++++ Record set ++++

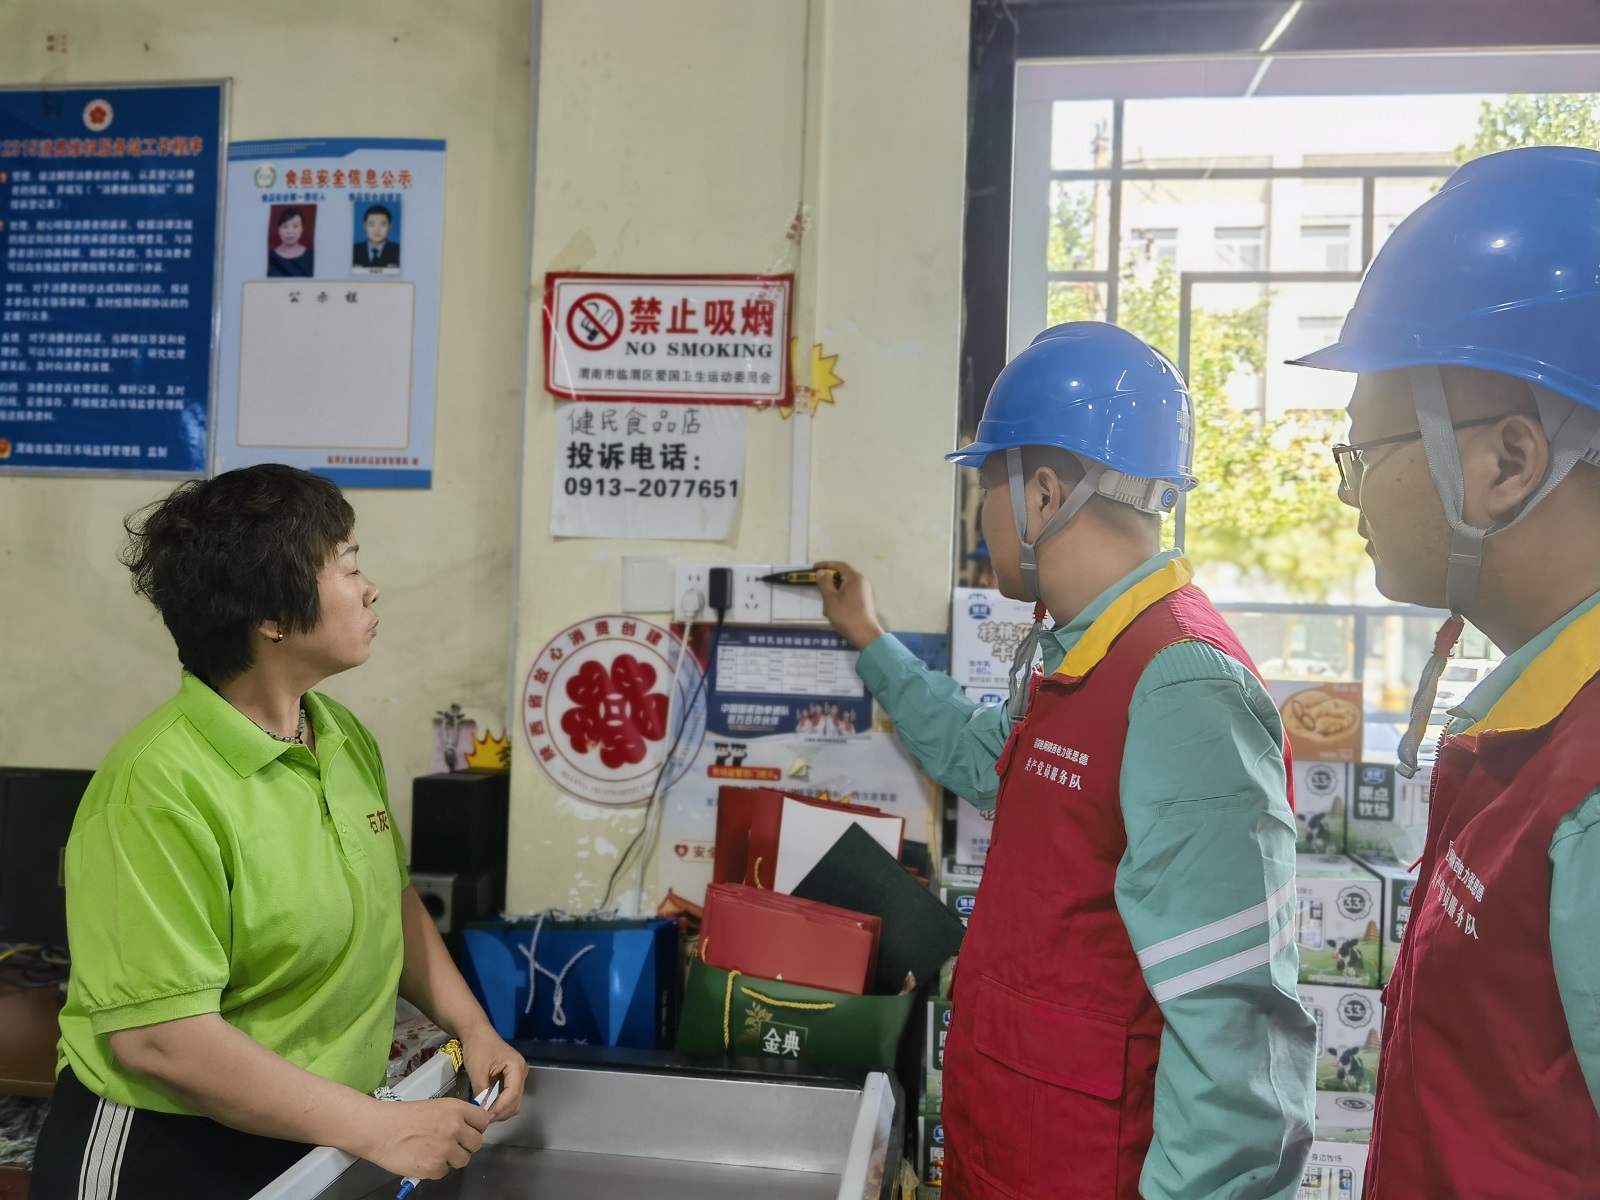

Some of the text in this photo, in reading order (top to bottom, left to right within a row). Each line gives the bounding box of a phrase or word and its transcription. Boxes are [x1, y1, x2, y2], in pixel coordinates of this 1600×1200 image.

[285, 168, 413, 187] 食品安全信息公示
[629, 296, 774, 337] 禁止吸烟
[625, 341, 773, 358] NO SMOKING
[578, 367, 773, 385] 渭南市临渭区爱国卫生运动委员会
[566, 406, 702, 436] 健民食品店
[564, 476, 739, 498] 0913-2077651
[1023, 757, 1082, 791] 共产党员服务队
[1358, 786, 1389, 801] 原点
[1358, 801, 1389, 818] 牧场
[762, 1027, 801, 1057] 金典
[1311, 1153, 1343, 1163] 身边牧场
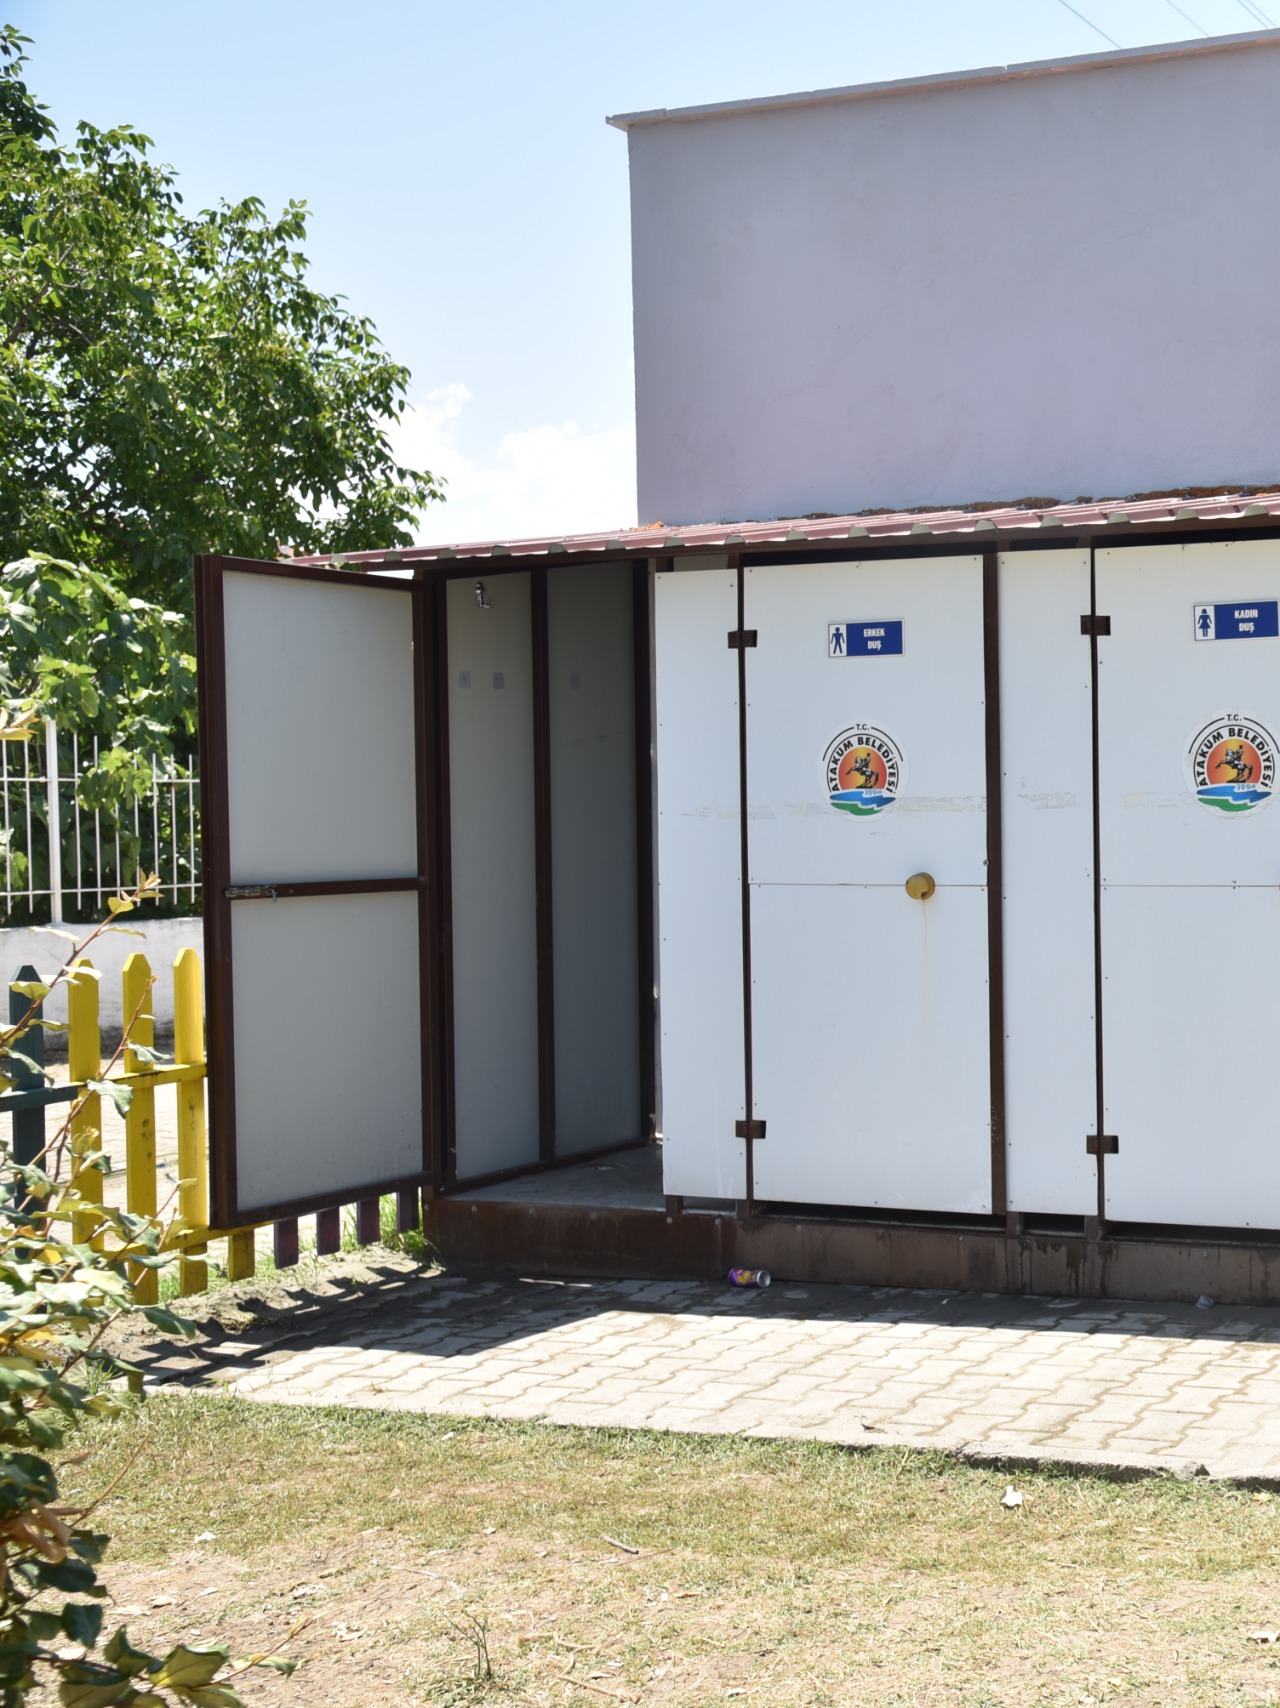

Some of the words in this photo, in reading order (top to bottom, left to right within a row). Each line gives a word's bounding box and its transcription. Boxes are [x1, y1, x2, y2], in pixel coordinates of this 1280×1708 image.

[1234, 608, 1258, 619] KADIN
[863, 628, 885, 637] ERKEK
[1238, 622, 1255, 633] DUŞ
[867, 640, 881, 651] DUŞ
[856, 723, 869, 731] T.C.
[1196, 731, 1224, 786] ATAKUM
[1228, 727, 1272, 788] BELEDİYESİ
[829, 740, 853, 792] ATAKUM
[857, 737, 896, 794] BELEDİYESİ
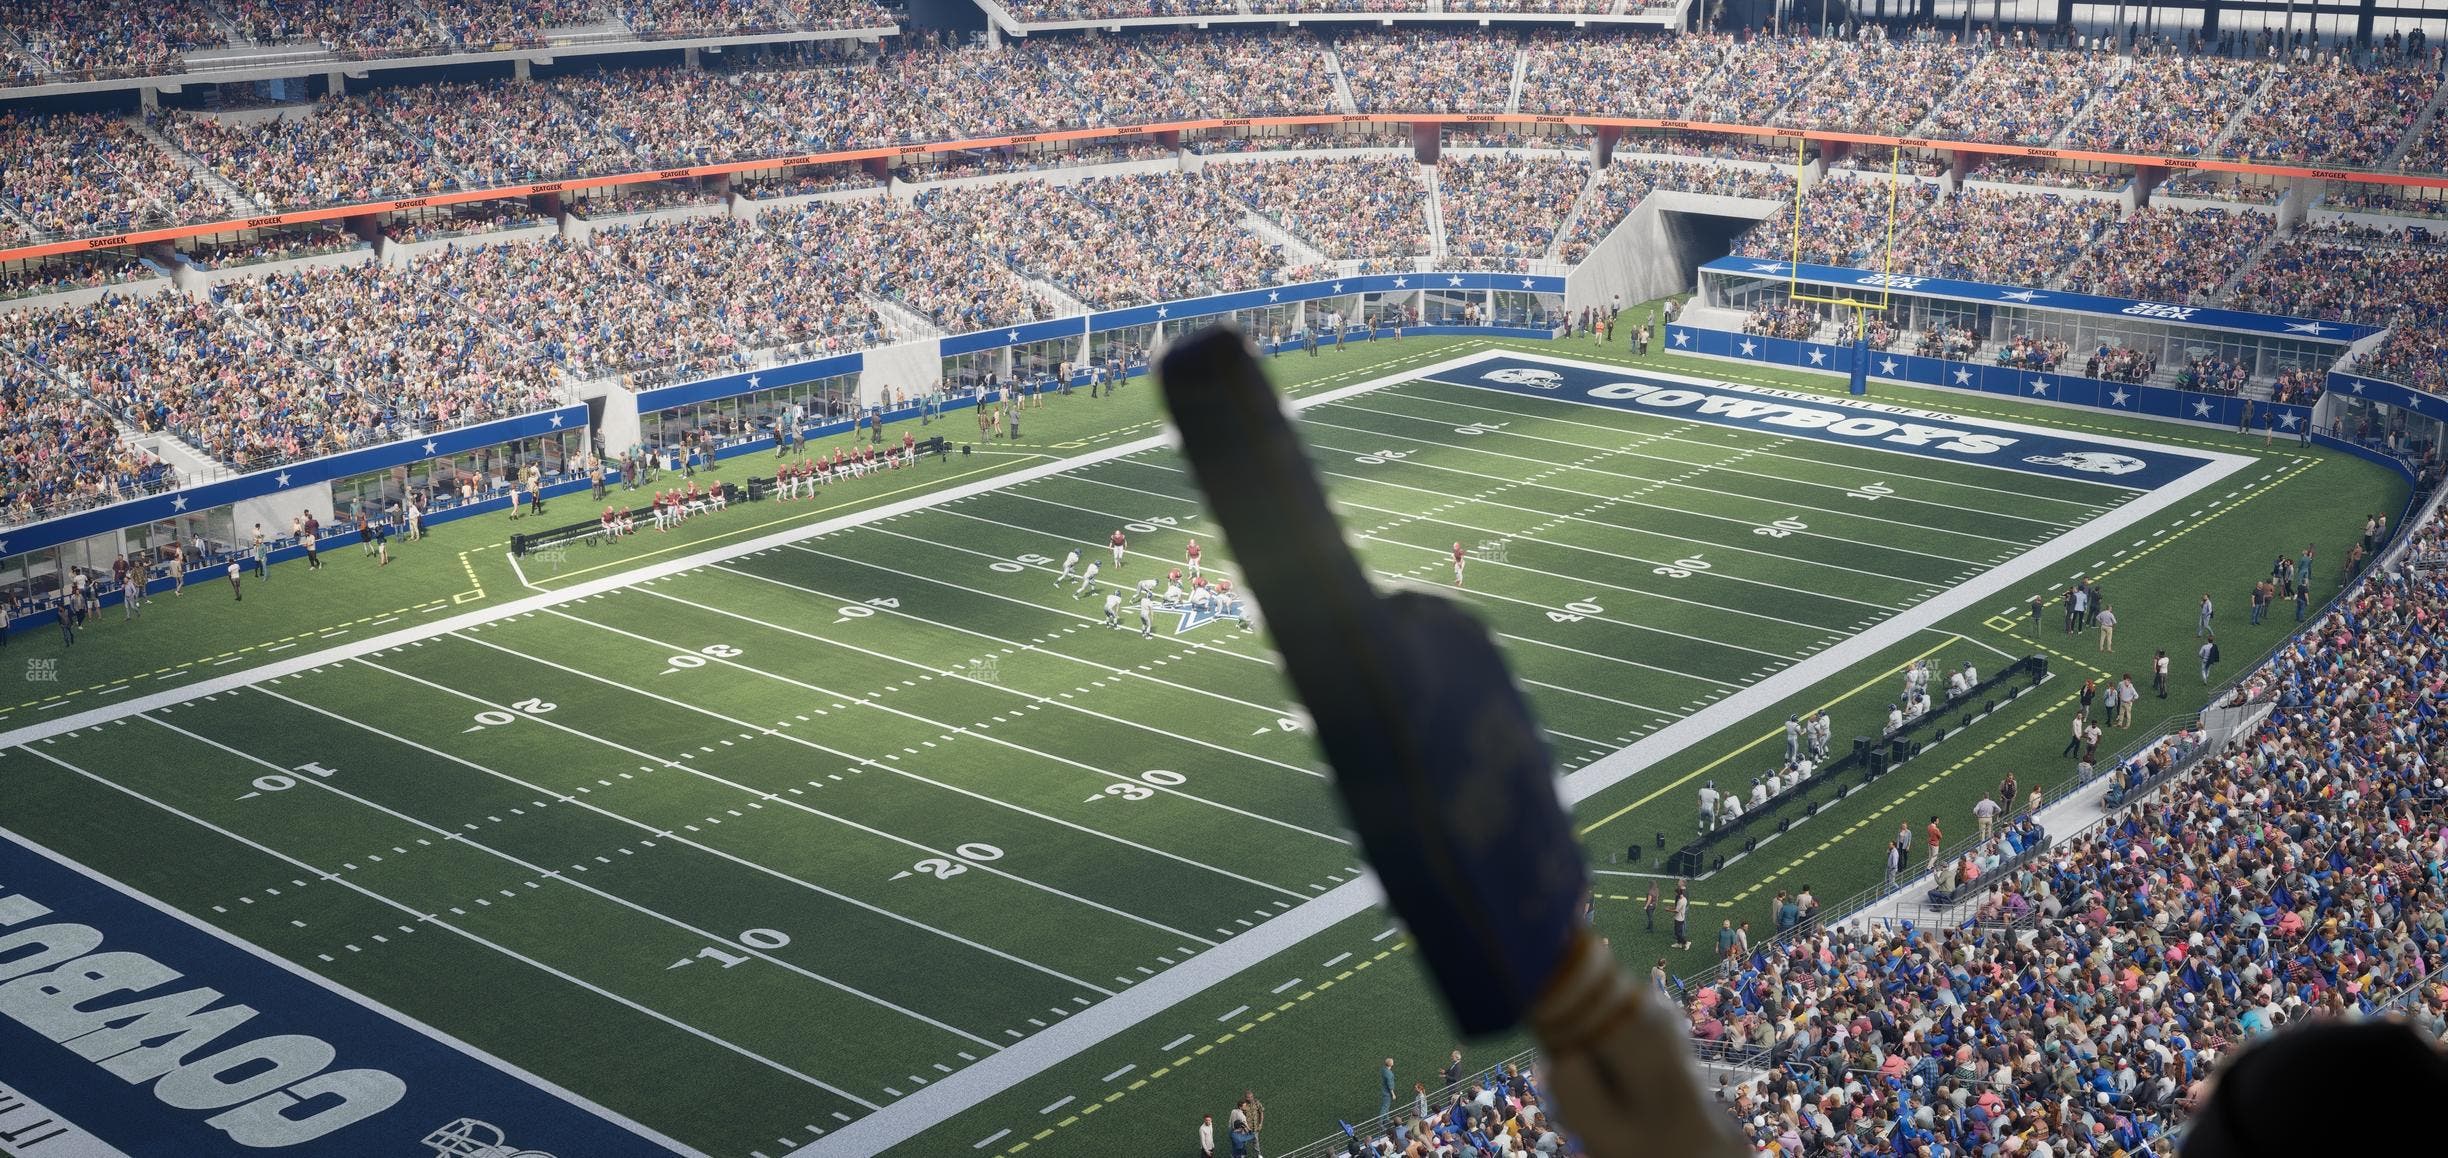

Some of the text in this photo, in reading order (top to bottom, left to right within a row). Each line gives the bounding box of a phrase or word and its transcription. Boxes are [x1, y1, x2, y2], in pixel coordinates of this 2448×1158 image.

[1011, 136, 1036, 144] SEATGEEK
[1777, 129, 1805, 137] SEATGEEK
[900, 146, 926, 154] SEATGEEK
[1899, 139, 1929, 147] SEATGEEK
[2028, 149, 2058, 157] SEATGEEK
[783, 157, 810, 166] SEATGEEK
[2165, 159, 2199, 168] SEATGEEK
[661, 169, 689, 178] SEATGEEK
[2311, 171, 2347, 180] SEATGEEK
[532, 183, 562, 193] SEATGEEK
[395, 199, 427, 209] SEATGEEK
[248, 216, 282, 227] SEATGEEK
[89, 236, 127, 248] SEATGEEK
[2122, 308, 2194, 320] GEEK
[2133, 302, 2200, 314] SEAT
[1716, 382, 1738, 390] IT
[1751, 387, 1825, 401] TAKES
[1828, 399, 1871, 409] ALL
[1925, 413, 1959, 421] US
[1587, 382, 2021, 454] COWBOYS
[1454, 422, 1491, 436] 10
[1355, 450, 1407, 466] 20
[1846, 485, 1895, 501] 10
[1124, 515, 1178, 533] 40
[1752, 520, 1809, 538] 20
[989, 553, 1055, 572] 50
[1652, 559, 1712, 579] 30
[838, 597, 902, 618] 40
[1545, 602, 1605, 623] 40
[668, 644, 743, 669] 30
[474, 698, 558, 725] 20
[252, 761, 339, 792] 10
[1104, 769, 1187, 802] 30
[914, 842, 1005, 881] 20
[695, 928, 792, 969] 10
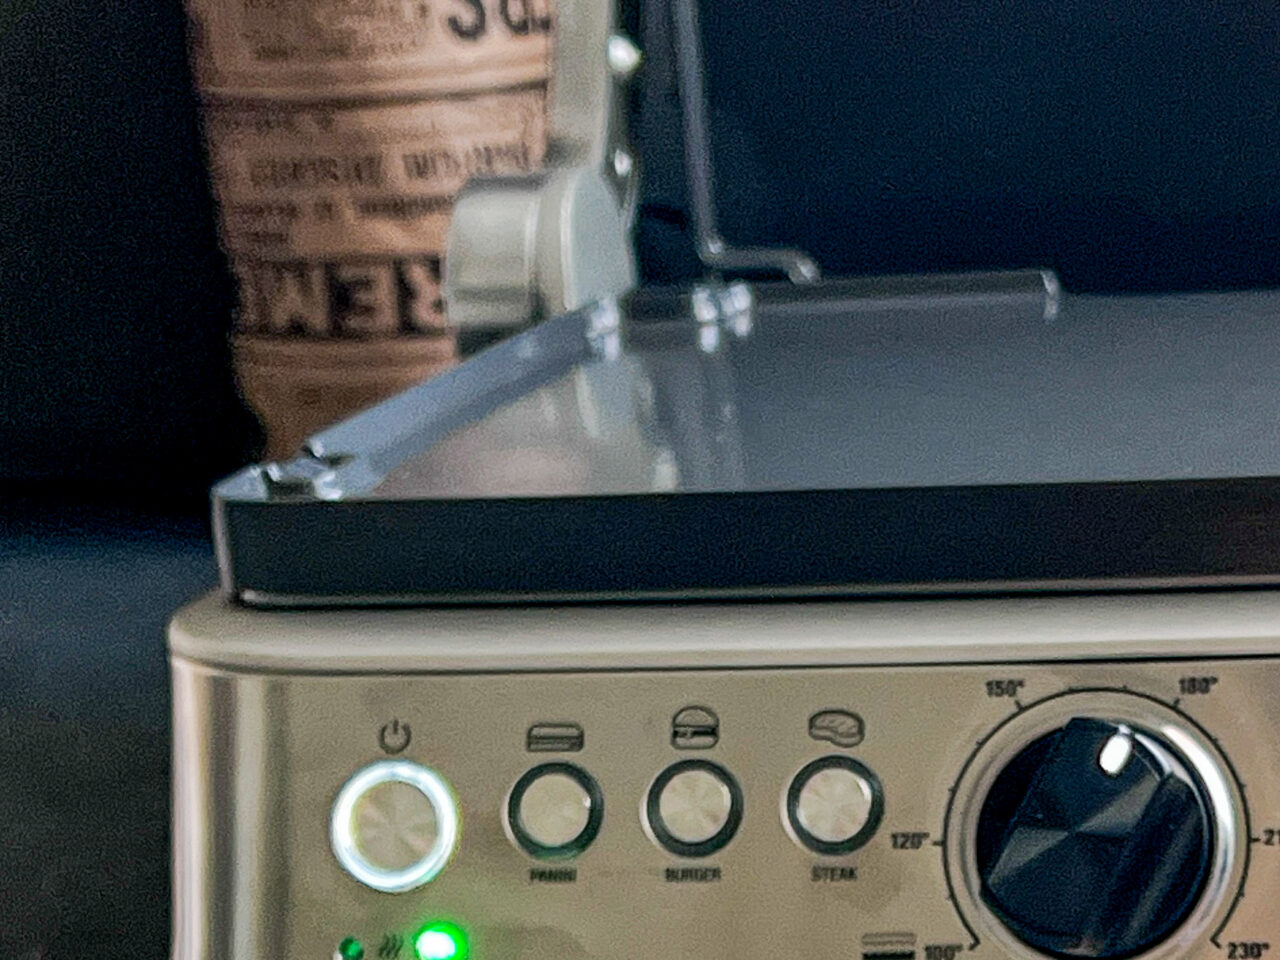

++++

:: About this exercise ::
What you output must match the data exactly, apart from the pictures, which are left out.

:: Expected answer ::
Some of the text in this photo, in reading order (top to bottom, left to right within a row). Each line gives the bounding box of a phrase or word and its transcription. Boxes are [x1, y1, x2, y2], in pixel coordinates of this 1600×1200 image.

[285, 168, 413, 187] 食品安全信息公示
[629, 296, 774, 337] 禁止吸烟
[625, 341, 773, 358] NO SMOKING
[578, 367, 773, 385] 渭南市临渭区爱国卫生运动委员会
[566, 406, 702, 436] 健民食品店
[564, 476, 739, 498] 0913-2077651
[1023, 757, 1082, 791] 共产党员服务队
[1358, 786, 1389, 801] 原点
[1358, 801, 1389, 818] 牧场
[762, 1027, 801, 1057] 金典
[1311, 1153, 1343, 1163] 身边牧场

Some of the words in this photo, in reading order (top to bottom, left to right within a row). Each line gives a word's bounding box and its transcription. Boxes are [x1, y1, x2, y2], in pixel coordinates of this 1280×1708 image.

[1234, 608, 1258, 619] KADIN
[863, 628, 885, 637] ERKEK
[1238, 622, 1255, 633] DUŞ
[867, 640, 881, 651] DUŞ
[856, 723, 869, 731] T.C.
[1196, 731, 1224, 786] ATAKUM
[1228, 727, 1272, 788] BELEDİYESİ
[829, 740, 853, 792] ATAKUM
[857, 737, 896, 794] BELEDİYESİ

Some of the text in this photo, in reading order (top to bottom, left to right within a row). Each line gives the bounding box of a phrase or word and its transcription. Boxes are [x1, y1, x2, y2], in pixel coordinates of this 2448×1158 image.

[1011, 136, 1036, 144] SEATGEEK
[1777, 129, 1805, 137] SEATGEEK
[900, 146, 926, 154] SEATGEEK
[1899, 139, 1929, 147] SEATGEEK
[2028, 149, 2058, 157] SEATGEEK
[783, 157, 810, 166] SEATGEEK
[2165, 159, 2199, 168] SEATGEEK
[661, 169, 689, 178] SEATGEEK
[2311, 171, 2347, 180] SEATGEEK
[532, 183, 562, 193] SEATGEEK
[395, 199, 427, 209] SEATGEEK
[248, 216, 282, 227] SEATGEEK
[89, 236, 127, 248] SEATGEEK
[2122, 308, 2194, 320] GEEK
[2133, 302, 2200, 314] SEAT
[1716, 382, 1738, 390] IT
[1751, 387, 1825, 401] TAKES
[1828, 399, 1871, 409] ALL
[1925, 413, 1959, 421] US
[1587, 382, 2021, 454] COWBOYS
[1454, 422, 1491, 436] 10
[1355, 450, 1407, 466] 20
[1846, 485, 1895, 501] 10
[1124, 515, 1178, 533] 40
[1752, 520, 1809, 538] 20
[989, 553, 1055, 572] 50
[1652, 559, 1712, 579] 30
[838, 597, 902, 618] 40
[1545, 602, 1605, 623] 40
[668, 644, 743, 669] 30
[474, 698, 558, 725] 20
[252, 761, 339, 792] 10
[1104, 769, 1187, 802] 30
[914, 842, 1005, 881] 20
[695, 928, 792, 969] 10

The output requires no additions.